### [STORED DATA]
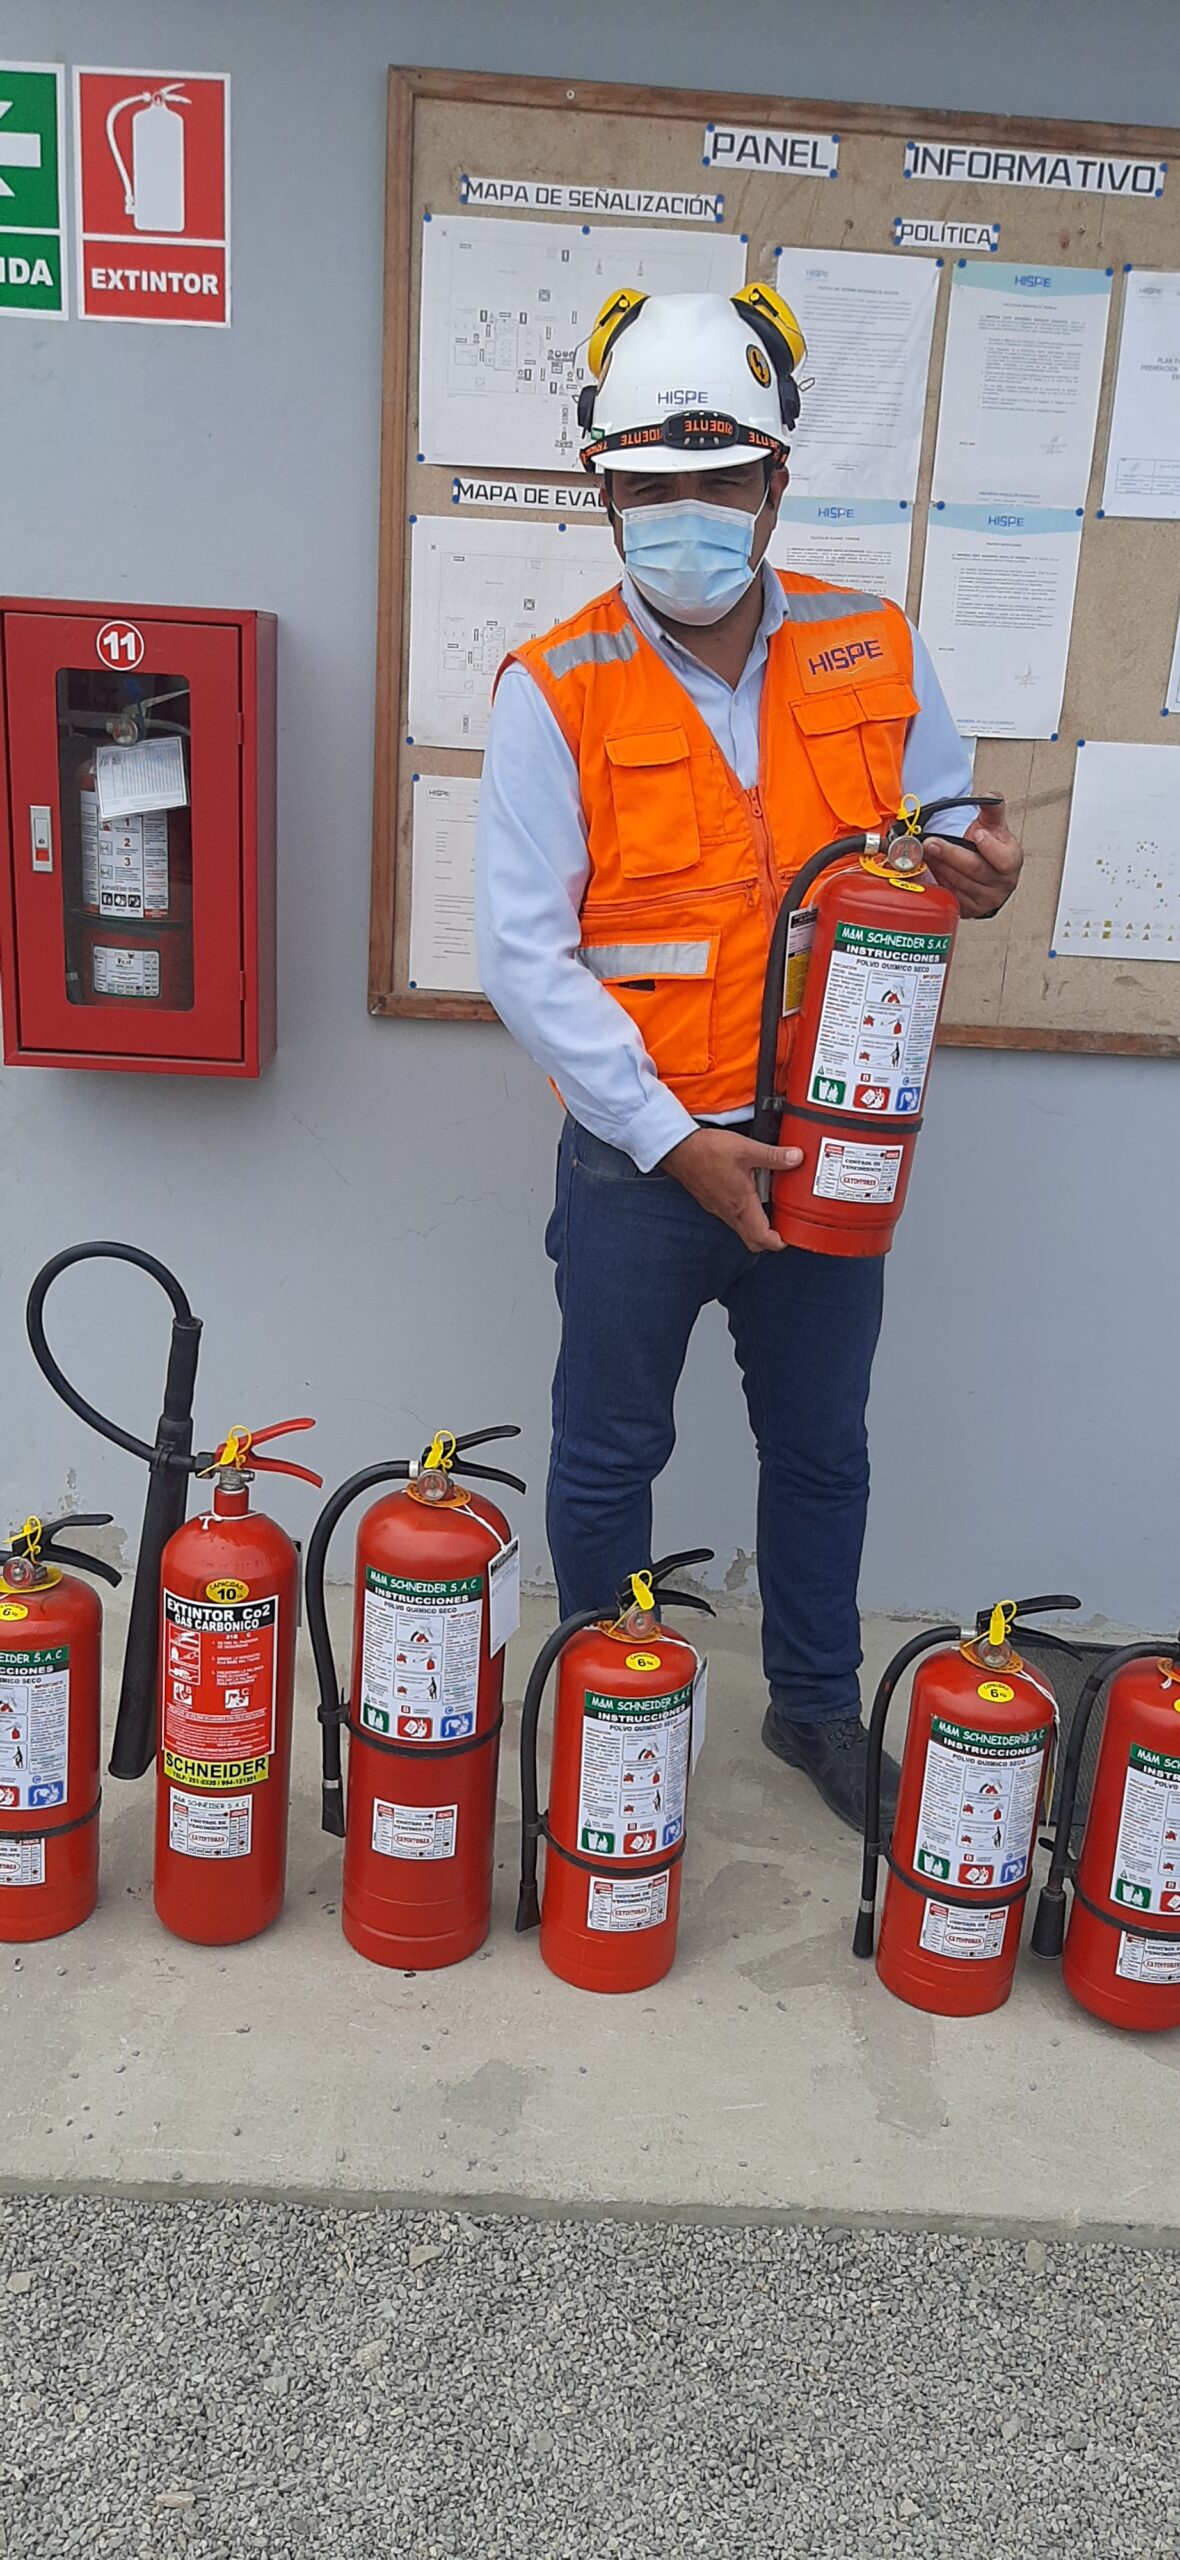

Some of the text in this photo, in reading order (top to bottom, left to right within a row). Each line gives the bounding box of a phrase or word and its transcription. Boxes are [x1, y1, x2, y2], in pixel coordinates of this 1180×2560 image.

[712, 132, 1156, 193] PANEL INFORMATIVO
[466, 181, 718, 216] MAPA DE SEÑALIZACIÓN
[901, 221, 992, 245] POLÍTICA
[91, 268, 218, 295] EXTINTOR
[1014, 275, 1051, 288] HISPE
[658, 390, 709, 405] HISPE
[457, 483, 518, 502] MAPA
[524, 488, 550, 505] DE
[818, 507, 854, 519] HISPE
[988, 515, 1024, 527] HISPE
[104, 631, 136, 660] 11
[808, 639, 883, 676] HISPE
[124, 838, 131, 848] 2
[124, 857, 131, 867] 3
[842, 927, 863, 941] M&M
[867, 932, 924, 949] SCHNEIDER
[847, 944, 939, 963] INSTRUCCIONES
[856, 959, 879, 969] POLVO
[218, 1589, 236, 1600] 10
[390, 1580, 447, 1593] SCHNEIDER
[450, 1579, 477, 1592] S.A.C
[375, 1586, 469, 1605] INSTRUCCIONES
[167, 1598, 270, 1621] EXTINTOR Co2
[384, 1601, 405, 1612] POLVO
[175, 1615, 259, 1632] GAS CARBONICO
[33, 1650, 63, 1662] S.A.C
[991, 1689, 999, 1698] 6
[591, 1697, 614, 1709] M&M
[617, 1697, 672, 1711] SCHNEIDER
[598, 1704, 686, 1723] INSTRUCCIONES
[609, 1724, 632, 1732] POLVO
[938, 1722, 960, 1737] M&M
[963, 1730, 1019, 1746] SCHNEIDER
[944, 1738, 1037, 1757] INSTRUCCIONES
[166, 1751, 266, 1779] SCHNEIDER
[952, 1753, 976, 1764] POLVO
[1137, 1748, 1160, 1765] M&M
[1154, 1780, 1178, 1790] POLVO

### [DIRECTIONS]
For this exercise, copy the entries above exactly and skip any picture.

### [EXERCISE RESULT]
Some of the text in this photo, in reading order (top to bottom, left to right within a row). Each line gives the bounding box of a phrase or word and its transcription. Boxes are [x1, y1, x2, y2], in pixel coordinates of this 1180×2560 image.

[712, 132, 1156, 193] PANEL INFORMATIVO
[466, 181, 718, 216] MAPA DE SEÑALIZACIÓN
[901, 221, 992, 245] POLÍTICA
[91, 268, 218, 295] EXTINTOR
[1014, 275, 1051, 288] HISPE
[658, 390, 709, 405] HISPE
[457, 483, 518, 502] MAPA
[524, 488, 550, 505] DE
[818, 507, 854, 519] HISPE
[988, 515, 1024, 527] HISPE
[104, 631, 136, 660] 11
[808, 639, 883, 676] HISPE
[124, 838, 131, 848] 2
[124, 857, 131, 867] 3
[842, 927, 863, 941] M&M
[867, 932, 924, 949] SCHNEIDER
[847, 944, 939, 963] INSTRUCCIONES
[856, 959, 879, 969] POLVO
[218, 1589, 236, 1600] 10
[390, 1580, 447, 1593] SCHNEIDER
[450, 1579, 477, 1592] S.A.C
[375, 1586, 469, 1605] INSTRUCCIONES
[167, 1598, 270, 1621] EXTINTOR Co2
[384, 1601, 405, 1612] POLVO
[175, 1615, 259, 1632] GAS CARBONICO
[33, 1650, 63, 1662] S.A.C
[991, 1689, 999, 1698] 6
[591, 1697, 614, 1709] M&M
[617, 1697, 672, 1711] SCHNEIDER
[598, 1704, 686, 1723] INSTRUCCIONES
[609, 1724, 632, 1732] POLVO
[938, 1722, 960, 1737] M&M
[963, 1730, 1019, 1746] SCHNEIDER
[944, 1738, 1037, 1757] INSTRUCCIONES
[166, 1751, 266, 1779] SCHNEIDER
[952, 1753, 976, 1764] POLVO
[1137, 1748, 1160, 1765] M&M
[1154, 1780, 1178, 1790] POLVO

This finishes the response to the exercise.